Out of those techniques came many discoveries, including the enzyme that generates the double-strand breaks that kick off recombination, the recombinase that promotes the alignment of the resulting "broken" DNA with its matching sequence on the homologous chromosome, and the formation of side-by-side Holliday junctions. But perhaps most importantly, she proved that the double-strand breaks that initiate recombination happen early, before the formation of the synaptonemal complex - the protein-coated interface that brings homologs into intimate juxtaposition. Her findings not only "revitalized meiosis," says Scott Hawley of the Stowers Institute in Kansas City, Mo., but also "basically turned the whole view of the process on its head."

"The paradigm up until Nancy had been: You paired chromosomes, you built a synaptonemal complex between them, and then you recombined them," says Hawley. "The idea that in yeast you needed double-strand breaks to build the synaptonemal complex was really quite shocking."

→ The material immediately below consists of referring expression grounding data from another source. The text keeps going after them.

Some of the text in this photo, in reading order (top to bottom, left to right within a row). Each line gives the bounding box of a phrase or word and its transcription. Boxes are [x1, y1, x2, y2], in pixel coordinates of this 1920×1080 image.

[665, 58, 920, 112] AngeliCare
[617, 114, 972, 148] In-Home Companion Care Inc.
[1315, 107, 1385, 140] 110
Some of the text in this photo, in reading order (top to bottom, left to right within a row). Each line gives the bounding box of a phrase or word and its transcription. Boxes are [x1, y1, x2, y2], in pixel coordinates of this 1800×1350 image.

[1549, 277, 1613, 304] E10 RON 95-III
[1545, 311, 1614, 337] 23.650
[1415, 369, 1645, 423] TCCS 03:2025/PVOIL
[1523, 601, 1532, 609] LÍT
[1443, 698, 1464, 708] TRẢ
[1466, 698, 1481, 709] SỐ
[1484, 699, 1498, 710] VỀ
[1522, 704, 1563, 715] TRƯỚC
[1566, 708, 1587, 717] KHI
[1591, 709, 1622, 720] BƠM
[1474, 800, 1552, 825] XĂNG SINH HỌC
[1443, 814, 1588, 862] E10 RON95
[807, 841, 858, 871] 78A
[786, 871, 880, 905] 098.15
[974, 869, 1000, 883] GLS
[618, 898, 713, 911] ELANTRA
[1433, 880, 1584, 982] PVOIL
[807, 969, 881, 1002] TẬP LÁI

"Her contributions to meiosis can't be overstated," says Jones. And she's not through yet. "With Nancy, you're always on to the next question. There isn't a lot of resting," says Bishop. "You move from having to do more work to make sure your interpretation is correct, on to the next thing without a point at which everyone stops and opens a bottle of champagne." When it comes to her science, he says, Kleckner is relentless and intense. "Her demeanor is as if she was just put in charge of making sure the Apollo 13 astronauts get back to earth safely. There's always this sense of importance and urgency."

CROSSOVER RESEARCH

Kleckner's current mission is an attempt to use principles of physics and engineering to deconstruct a phenomenon known as crossover interference. When homologs align during meiosis, they exchange genetic material. The sites of these exchanges, called crossovers, tend to be evenly spaced along the chromosomes. Kleckner says she thinks this happens because chromosomes breathe. "If you have two chromatin masses, they might expand and push against each other," she says. "That will produce compression along the axes of the chromosomes and at the interfaces between them." At a certain point, the stress will cause one of the bridges between the chromosomes to buckle, producing a crossover. Once that happens, the stress in that region is relieved, so no further crossovers will occur nearby.

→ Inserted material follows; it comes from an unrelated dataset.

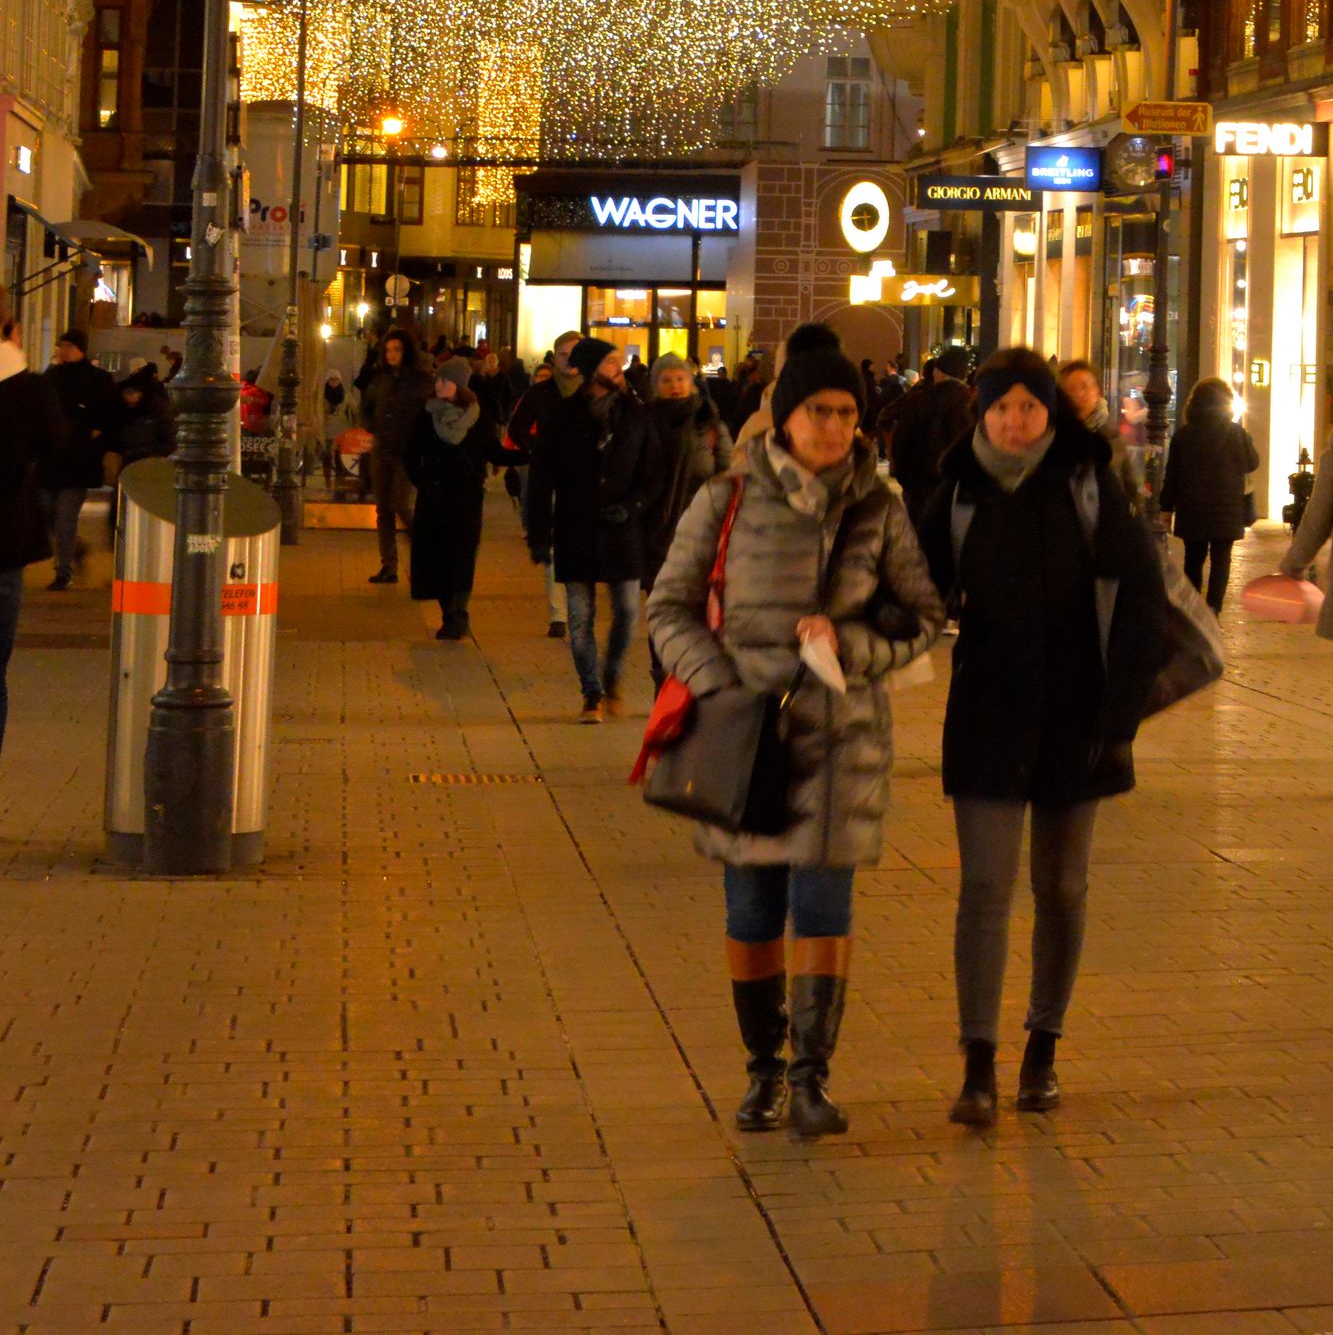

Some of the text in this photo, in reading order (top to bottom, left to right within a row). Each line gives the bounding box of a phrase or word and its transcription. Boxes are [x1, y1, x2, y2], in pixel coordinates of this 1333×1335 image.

[1214, 121, 1313, 155] FENDI
[1031, 167, 1094, 178] BREITLING
[927, 185, 1032, 202] GIORGIO ARMANI
[590, 196, 738, 230] WAGNER

"It's an original and innovative way of thinking about how chromosomes behave," says Jones. "What's interesting is, if you go back 60 or 70 years, people interested in meiosis did tend to think about things in mechanical terms, but that got sort of subsumed by the growth of molecular biology and biochemistry. But I think people are coming back to realize that physical factors like mechanical stress acting on chromosomes and the molecules within them could be very important. And Nancy's largely responsible for developing this idea in recent years."

"It might be right, or it might be wrong," says Kleckner. "But its importance for my own research is that it made me appreciate that if you started to look at chromosomal phenomena from a physics or engineering perspective, you ask different questions and might do different experiments. It gets you away from a simple molecular description of stuff and it gets you back to invoking basic principles of physics, which is of course where molecular biology started."

And chances are she's right. "Some people feel she's visionary, others feel she's too speculative," says Bishop. "But if you keep track of how many of her ideas turn out to be correct, it's impressive." Dekker agrees: "To be honest, I can't think of any examples where her intuition turned out to be wrong."

She's even right when it comes to other people's work. After Hawley gave a presentation at a meeting in the Swiss Alps, he says, "Nancy sat down with me and proposed this completely different hypothesis." A few years later, he discovered that "Nancy was entirely correct. Things were exactly as she had predicted."

"Embarrassing as that is," laughs Hawley, "one of most exciting things about Nancy is that she's virtually always right."